¿Quién debería quedarse en casa cuando el pequeño tiene fiebre?
Todos hemos estado ahí. Suena el teléfono en casa o vibra el WhatsApp del colegio: “Su hijo está enfermo, por favor, vengan a recogerle”. Hay una pregunta que se instala en el aire, casi invisible pero persistente: ¿Quién va a faltar al trabajo? Aún hoy las estadísticas en España son contundentes y hasta dolorosas: la balanza se sigue inclinando hacia las madres.
El eterno “es cosa de mujeres”… ¿en serio?
Desde el olor a manzanilla que llena la cocina mientras preparáis el termómetro, hasta la sensación cálida de pequeñas manos aferrándose cuando llega la fiebre: cuidar de nuestros hijos cuando se enferman parece casi instintivo. Pero, ¿por qué sigue recayendo casi siempre esa responsabilidad sobre vosotras, madres?
Las cifras son claras. Según estudios de la Seguridad Social y organismos de igualdad, más del 78% de las bajas laborales por cuidado de hijos recaen en madres. Es un dato que duele y que revela una verdad: a pesar de los avances, la sociedad espera que seáis vosotras quienes den el paso atrás en vuestro trabajo. ¿Os suena familiar?
Costumbres heredadas: más presentes de lo que creemos
No es solo que la tradición tenga peso; es que se respira en casa, en las oficinas, en las reuniones de padres y madres. Muchas veces, casi sin darnos cuenta, caemos en la rutina de asumir quién debe quedarse en casa.
¿Habéis sentido alguna vez esas miradas, ese ligero asentimiento de que “es lo normal”? Incluso en parejas donde ambos trabajan a jornada completa, con carreras igual de exigentes, la presión invisible empuja a la madre a ser la cuidadora por excelencia.
Y no es solo un sacrificio laboral: la renuncia afecta al bienestar emocional, a la autoestima y, por supuesto, a la economía familiar.
¿Cuánto cuesta realmente esa ausencia?
Hablemos claro. Cuando una madre se queda en casa para cuidar a su hijo, no solo pierde horas de trabajo; pierde oportunidades de crecimiento, de ascenso, de reconocimiento.
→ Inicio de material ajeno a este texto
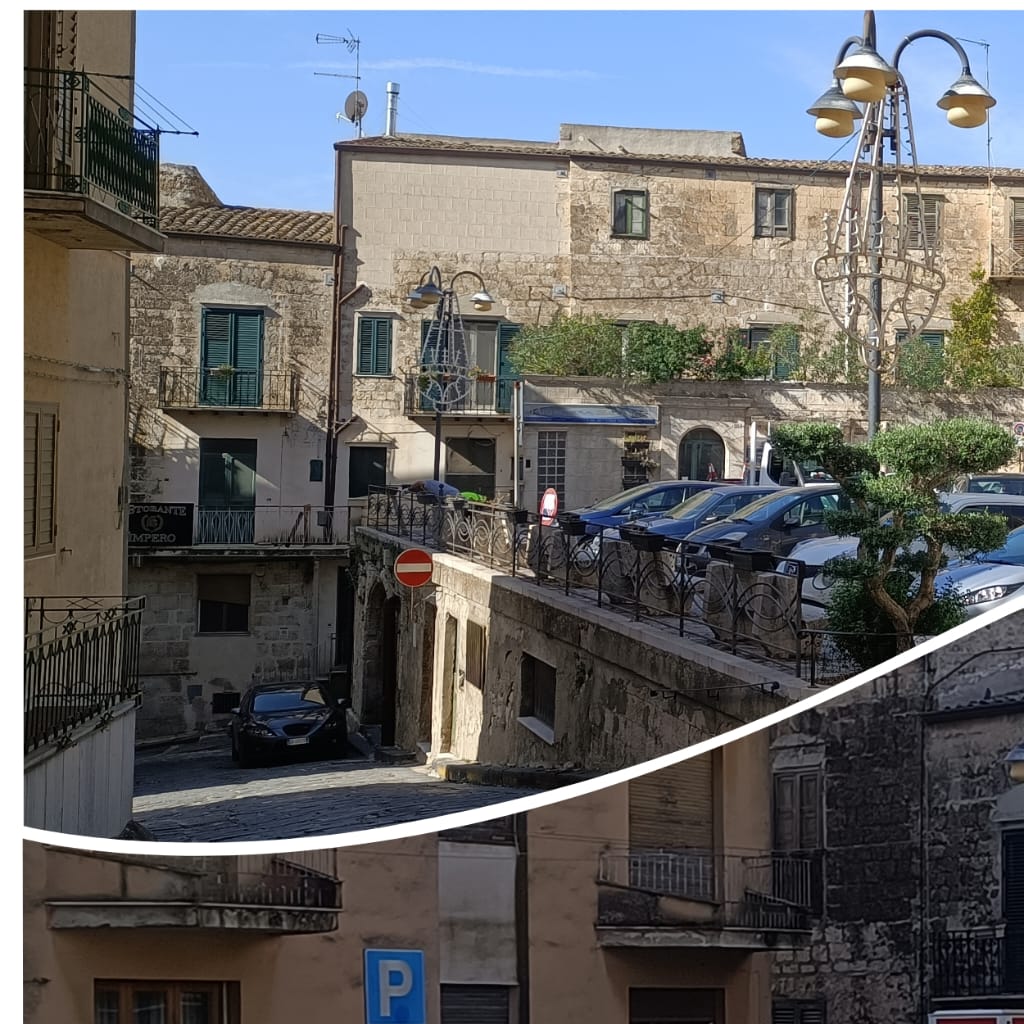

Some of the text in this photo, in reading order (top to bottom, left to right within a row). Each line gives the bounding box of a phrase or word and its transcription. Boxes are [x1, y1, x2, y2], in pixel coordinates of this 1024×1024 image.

[129, 505, 187, 516] STORANTE
[130, 533, 176, 543] IMPERO
[379, 960, 412, 1017] P
Además, muchas veces se generan resentimientos silenciosos, tensiones de pareja o sentimientos de culpa difíciles de digerir incluso después de la enfermedad del niño.
Quizá os veáis reflejadas en situaciones como estas:
- Interrupciones continuas que impiden concentraros.
- Decisiones difíciles entre asistir a una reunión clave o dar un jarabe a tiempo.
- Sensación de estar “fallando” en el trabajo… o en casa.
- Comentarios sutiles del entorno (“Es lógico que lo hagas tú, eres la madre”).
Repensar los cuidados: el papel imprescindible de los padres
Aquí surge la pregunta que todas las familias deberían plantearse: ¿por qué no repartimos mejor esa carga?
Cada vez más padres en España toman conciencia, reclaman permisos de paternidad equiparables y se involucran activamente en la vida diaria de sus hijos, también cuando enferman. Pero aún queda mucho camino.
Consejos para un cambio real
Si queréis transformar esta realidad, aquí os dejo algunos pasos prácticos:
- Habladlo abiertamente en pareja: No deis nada por supuesto; preguntad quién está en mejor disposición para quedarse (y no solo desde lo laboral, sino desde los deseos personales).
- Negociad con vuestros empleadores: Muchas empresas han modernizado políticas y facilitan permisos parentales igualitarios. Aprovechadlo y reivindicadlo.
- Eliminad la culpa: Nadie es mejor madre o padre por faltar más o menos al trabajo. El equilibrio es personal y único.
- Apoyad redes de madres y padres: Compartir experiencias y consejos con otras familias ayuda a derribar estereotipos y a sentir que no estáis solos.
Mirando hacia adelante
La maternidad y la paternidad no son carreras en solitario. El reto está en construir entre todos una sociedad donde cuidar sea una labor compartida, vistas desde el trabajo y el hogar. Revisemos viejos roles, pongamos en tela de juicio esas “costumbres invisibles” y apostemos por una corresponsabilidad real, que no solo equilibre las cargas sino que enriquezca a toda la familia.
¿Y si, la próxima vez que el teléfono suene, la pregunta no sea “quién se queda”, sino “cómo lo hacemos juntos”? Esa, quizás, sea la mayor enseñanza que podamos darles a nuestros hijos.